** Opening TASK DATA block **
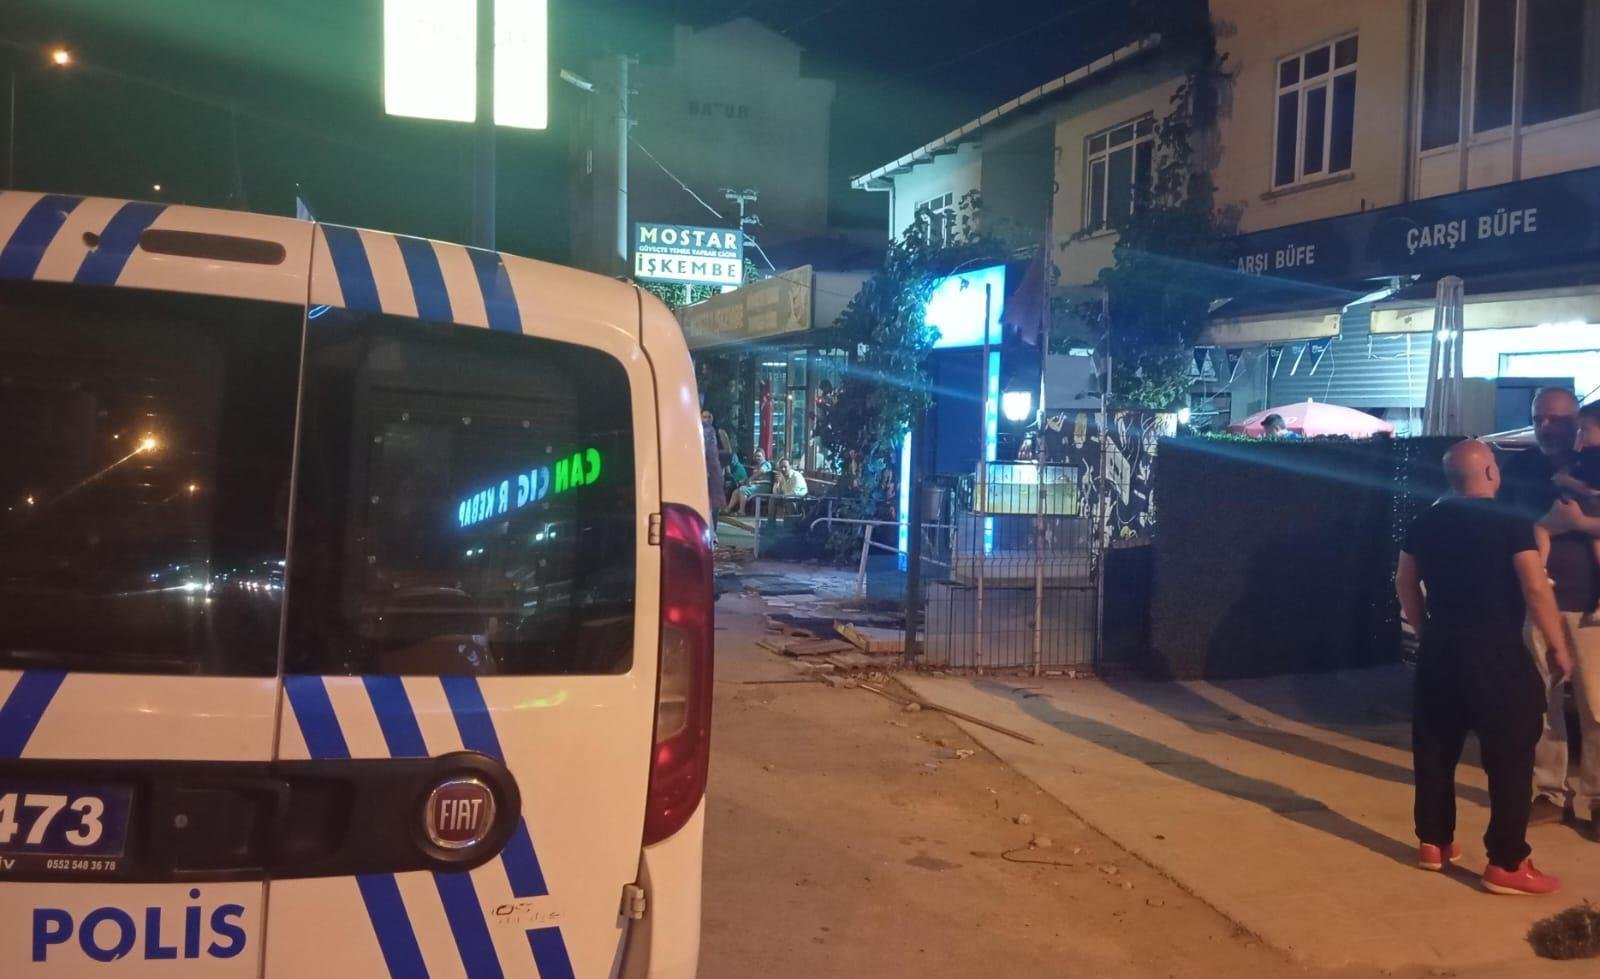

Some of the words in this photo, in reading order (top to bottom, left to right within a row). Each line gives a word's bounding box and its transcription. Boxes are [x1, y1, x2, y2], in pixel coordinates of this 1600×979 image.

[640, 227, 737, 250] MOSTAR
[1407, 219, 1466, 255] ÇARŞI
[1478, 208, 1538, 240] BÜFE
[638, 254, 737, 277] İŞKEMBE
[1231, 252, 1268, 277] ARŞI
[1275, 244, 1315, 269] BÜFE
[439, 799, 483, 831] FIAT
[47, 859, 70, 869] 0552
[32, 887, 247, 962] POLİS
** Closing TASK DATA block **
(WORK REQUIRED): The result should be every entry, word for word, and no pictures.

(EXERCISE ANSWER):
Some of the words in this photo, in reading order (top to bottom, left to right within a row). Each line gives a word's bounding box and its transcription. Boxes are [x1, y1, x2, y2], in pixel coordinates of this 1600×979 image.

[640, 227, 737, 250] MOSTAR
[1407, 219, 1466, 255] ÇARŞI
[1478, 208, 1538, 240] BÜFE
[638, 254, 737, 277] İŞKEMBE
[1231, 252, 1268, 277] ARŞI
[1275, 244, 1315, 269] BÜFE
[439, 799, 483, 831] FIAT
[47, 859, 70, 869] 0552
[32, 887, 247, 962] POLİS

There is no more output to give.